There are no authoritative figures as neither the industry nor the authorities
publish information on accidents and casualties.
“Even when the High Court
of Bangladesh has said that shipbreaking should be strictly regulated and
should not take place directly on beaches, but rather in proper structures such
as docks, the government does not even enforce its own laws or the High Court’s
orders directed to the industry, nor does it propose real alternatives to
hazardous beaching,”, says Syeda Rizwana Hasan, Chief Executive of the
Bangladesh Environmental Lawyers Association (BELA). “If Bangladesh does not
comply with the international law on transboundary movement of hazardous
wastes, it will remain a dumping ground for the developed countries.
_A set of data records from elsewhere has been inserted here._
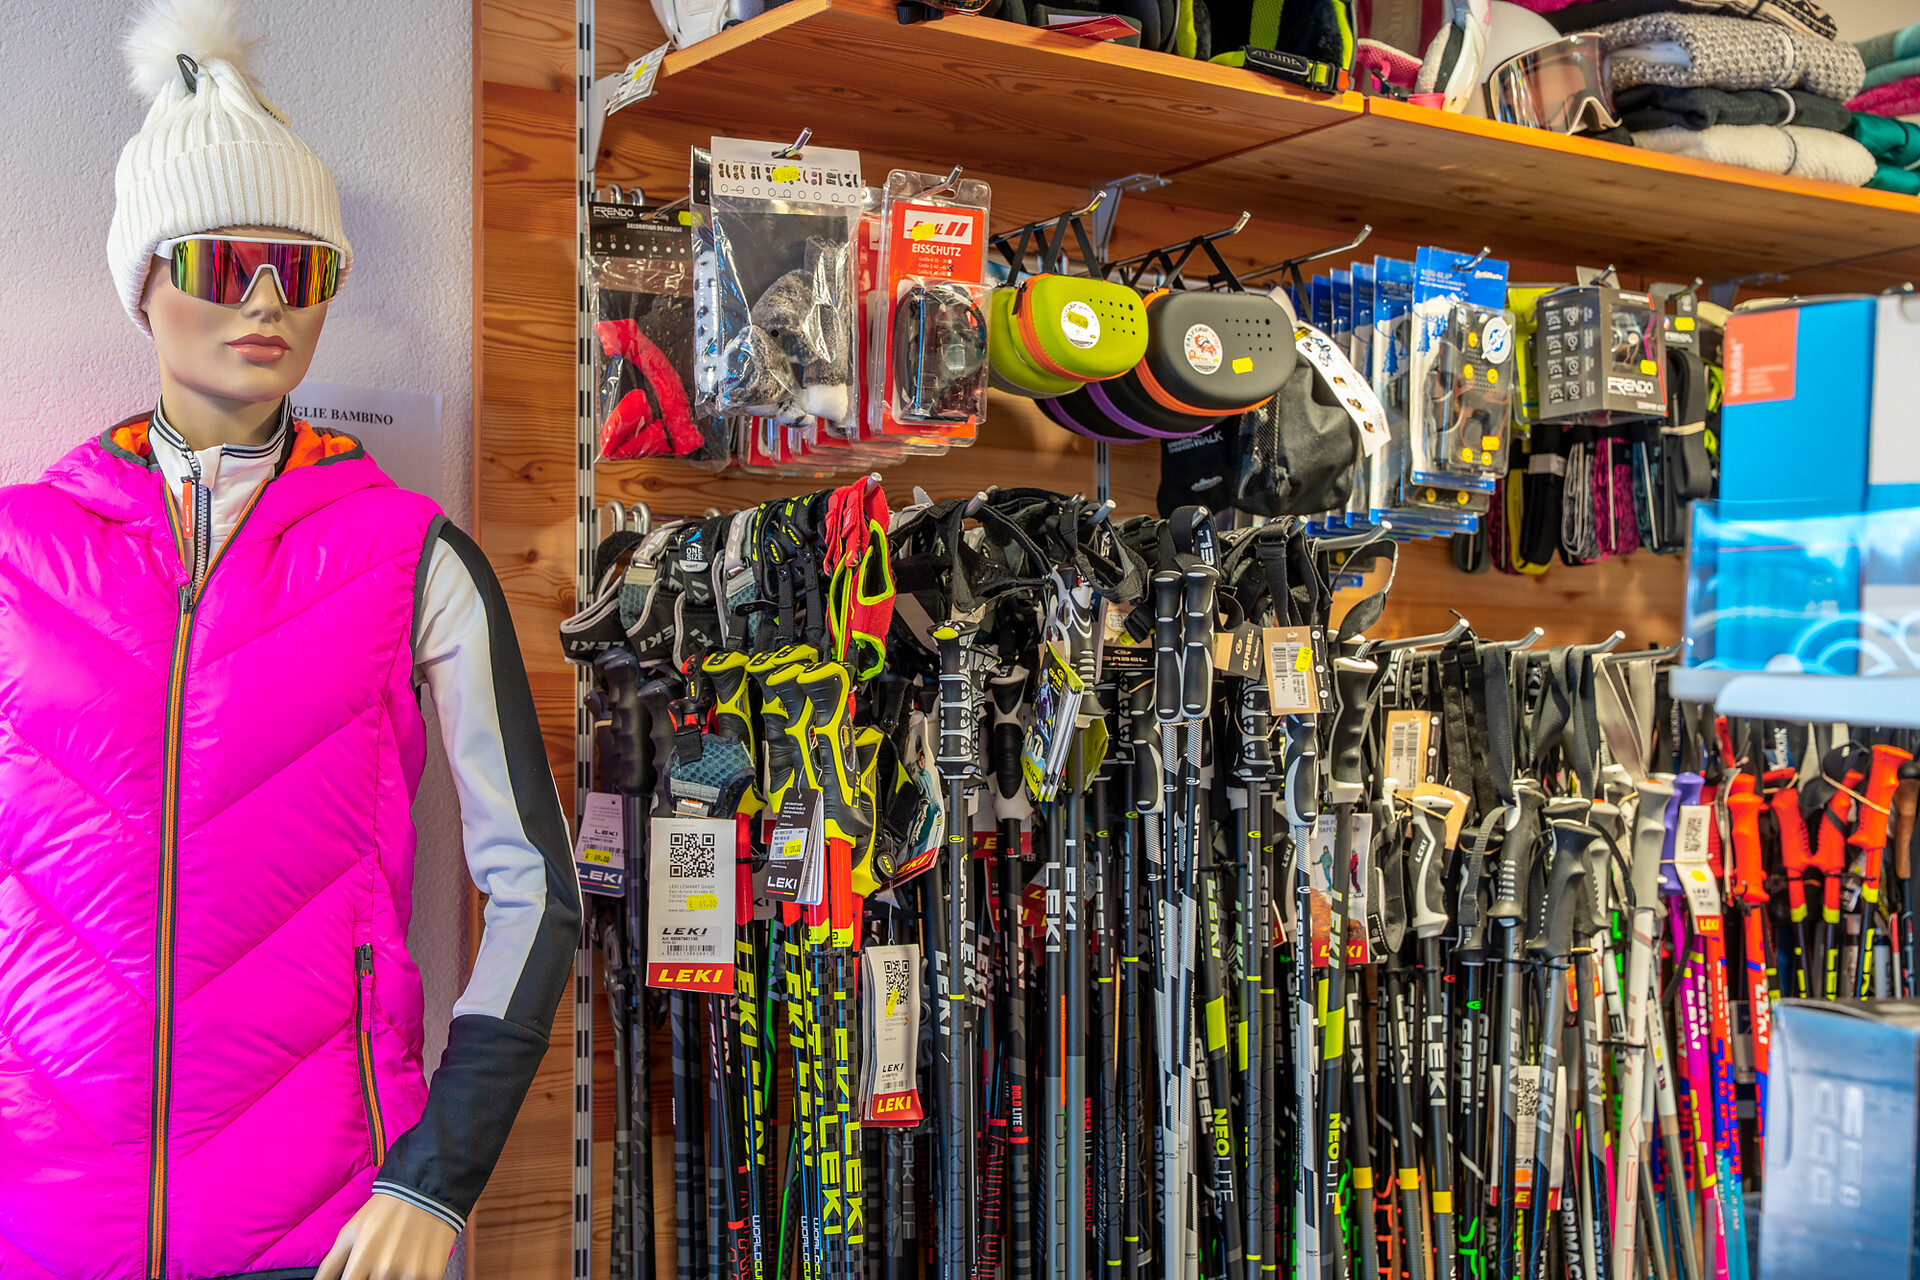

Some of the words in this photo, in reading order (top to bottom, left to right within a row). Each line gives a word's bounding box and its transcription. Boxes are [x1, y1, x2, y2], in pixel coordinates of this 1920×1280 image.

[592, 206, 635, 219] FRENDO
[911, 243, 962, 257] EISSCHUTZ
[292, 406, 328, 419] GLIE
[331, 408, 394, 426] BAMBINO
[1607, 377, 1655, 395] FRENDO
[1193, 429, 1224, 447] WALK
[686, 547, 703, 555] ONE
[639, 624, 675, 653] EKI
[1241, 629, 1255, 671] GABEL
[852, 770, 861, 809] LEKI
[594, 829, 619, 837] LEKI
[895, 854, 928, 875] EKI
[1281, 843, 1294, 868] LEKI
[1414, 839, 1428, 864] LEKI
[577, 867, 623, 885] LEKI
[767, 876, 798, 890] LEKI
[1046, 862, 1061, 953] LEKI
[1064, 839, 1077, 931] LEKI
[662, 928, 708, 936] LEKI
[1207, 878, 1222, 959] LEKI
[1319, 944, 1362, 959] LKI
[1327, 889, 1343, 970] LEKI
[1700, 919, 1720, 931] LEKI
[657, 969, 724, 983] LEKI
[736, 940, 758, 1048] LEKI
[784, 940, 805, 1049] LEKI
[935, 950, 951, 1036] LEKI
[975, 933, 991, 1009] LEKI
[1346, 992, 1366, 1084] LEKI
[1396, 994, 1412, 1085] LEKI
[1508, 1007, 1521, 1095] LEKI
[1685, 988, 1702, 1050] LEKI
[881, 1062, 905, 1073] LEKI
[1194, 1037, 1214, 1135] GABEL
[1426, 1015, 1447, 1106] LEKI
[1460, 1017, 1473, 1114] GABEL
[1537, 1044, 1558, 1134] LEKI
[1584, 1019, 1604, 1106] LEKI
[877, 1095, 912, 1114] LEKI
[819, 1115, 842, 1235] LEKI
[845, 1121, 864, 1245] LEKI
[902, 1132, 915, 1239] ARKLITE
[1213, 1108, 1234, 1203] NEOLITE
[1325, 1112, 1341, 1206] NEOLITE
[752, 1214, 764, 1280] WORLDCU
[1562, 1198, 1584, 1280] PRIMAC
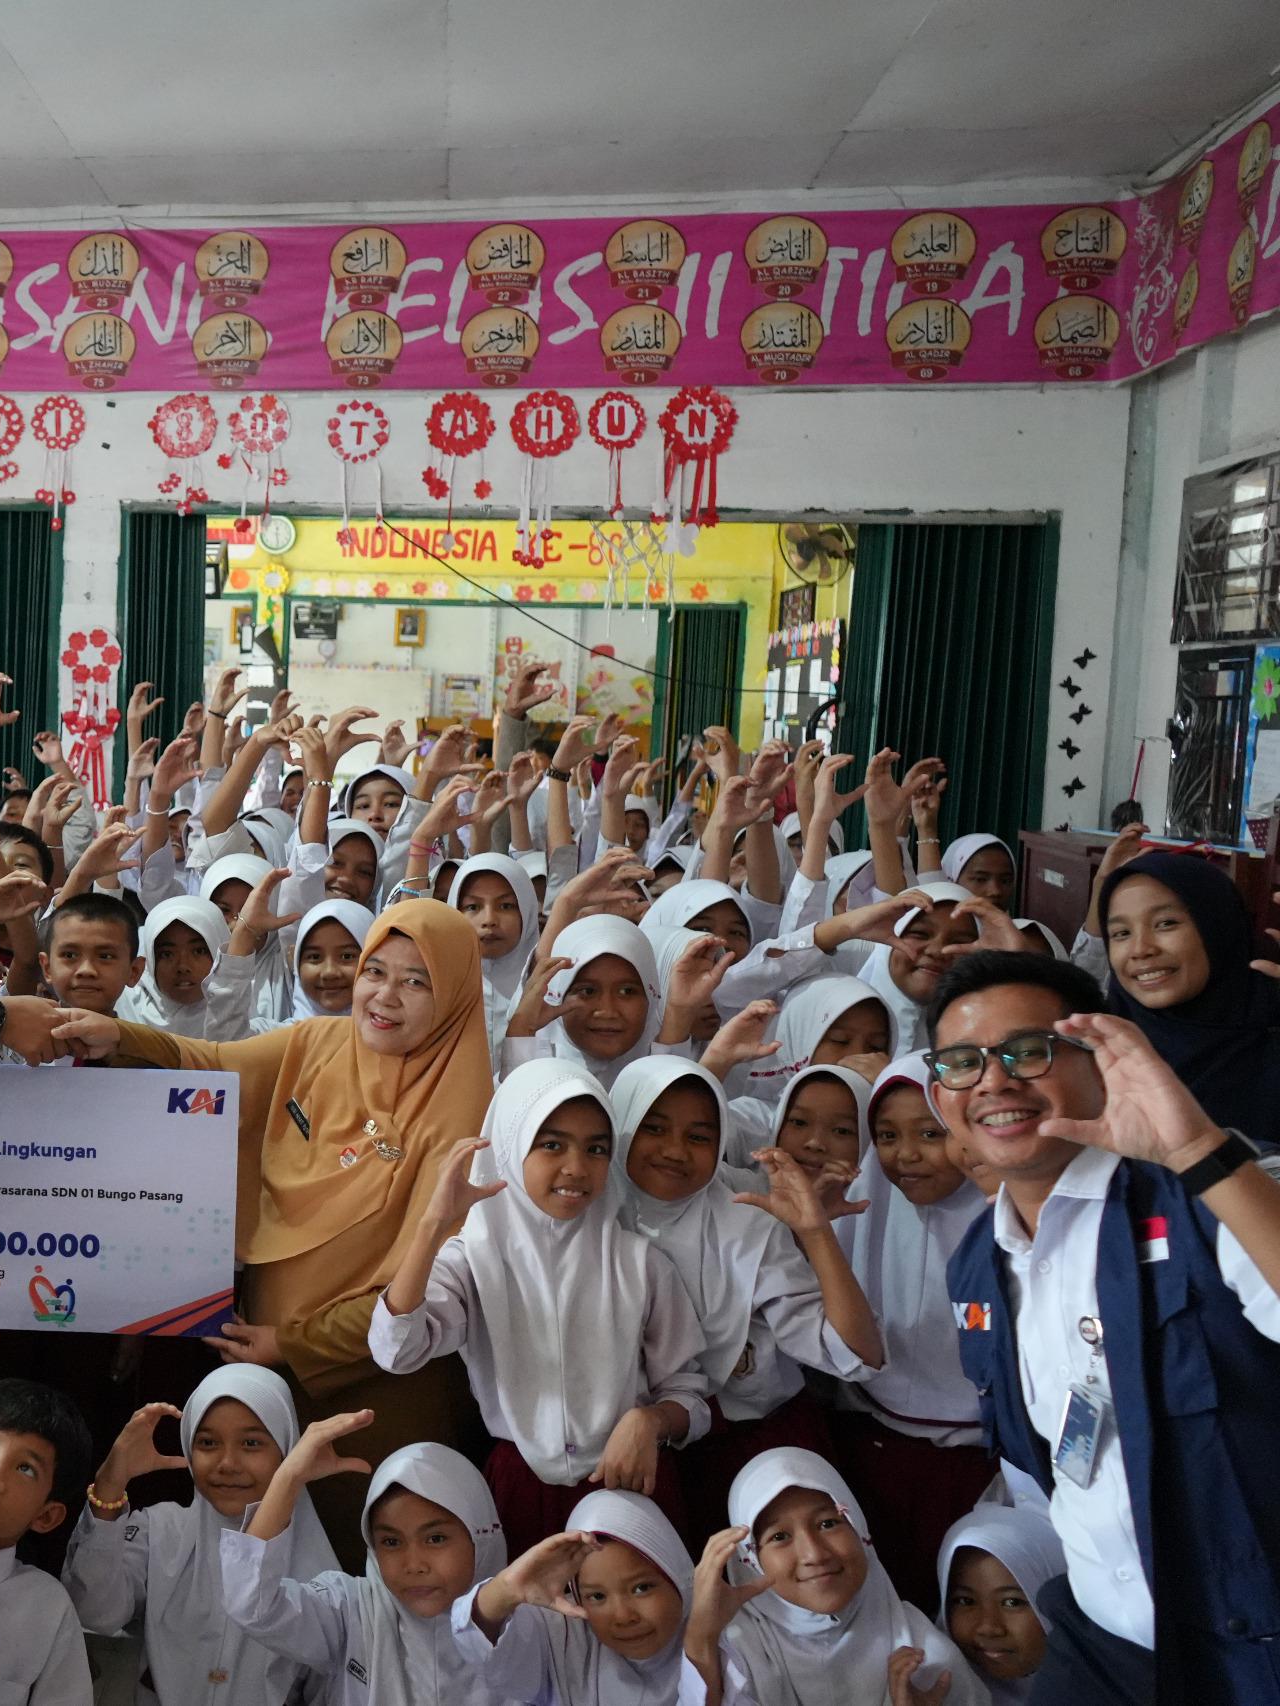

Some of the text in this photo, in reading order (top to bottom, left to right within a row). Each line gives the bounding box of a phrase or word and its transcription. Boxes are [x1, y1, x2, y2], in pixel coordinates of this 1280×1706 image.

[926, 282, 938, 292] 19
[1075, 277, 1087, 288] 18
[637, 288, 649, 298] 21
[778, 285, 791, 296] 20
[361, 294, 373, 303] 23
[497, 291, 510, 301] 22
[96, 297, 109, 307] 25
[224, 297, 237, 306] 24
[357, 375, 369, 385] 73
[494, 374, 506, 383] 72
[634, 372, 646, 382] 71
[774, 371, 787, 380] 70
[93, 377, 105, 387] 75
[221, 376, 233, 386] 74
[168, 1087, 226, 1115] KAI
[51, 1187, 78, 1198] SDN
[81, 1188, 94, 1198] 01
[97, 1189, 136, 1201] Bungo
[139, 1190, 184, 1203] Pasang
[951, 1302, 992, 1331] KAI
It will
allow some companies to make huge profits at the cost of the environment. It is
totally unacceptable that environment, health and safety are made subordinate
to a deadly industry”.
“Occupational health and
safety when breaking ships on mudflats is a disaster: the risk of accidents is
very high,” says Mujibur Rahman Bhuiyan, Vice-Chairman of the Bangladesh
Institute for Labour Studies (BILS). “Moreover, workers are exposed to
hazardous substances such as asbestos and toxic fumes. We can only estimate the
extent of dangerous occupational diseases such as asbestosis that drastically
reduce the life expectancy of workers”.
“There is a joint
responsibility of all business stakeholders involved in this industry to make
it clean and safe. Next to the shipbreaking yards in Bangladesh, the ship
owners who are mostly based in Europe, North America, China or Japan have the
primary responsibility to ensure the clean and safe recycling of their old
ships”, says Patrizia Heidegger, Executive Director of the Brussels-based
secretariat of the NGO Shipbreaking Platform. “It is unacceptable that most
ship owners just externalise the cost of shipbreaking to countries such as
Bangladesh. While peoples’ lives are at stake, they continue to make huge
profits from selling their ships. Substandard practices perpetuate the circle
of poverty instead of ensuring sustainable livelihoods.”
“Shipbreaking workers are
particularly vulnerable with the absence of health and safety rights at work.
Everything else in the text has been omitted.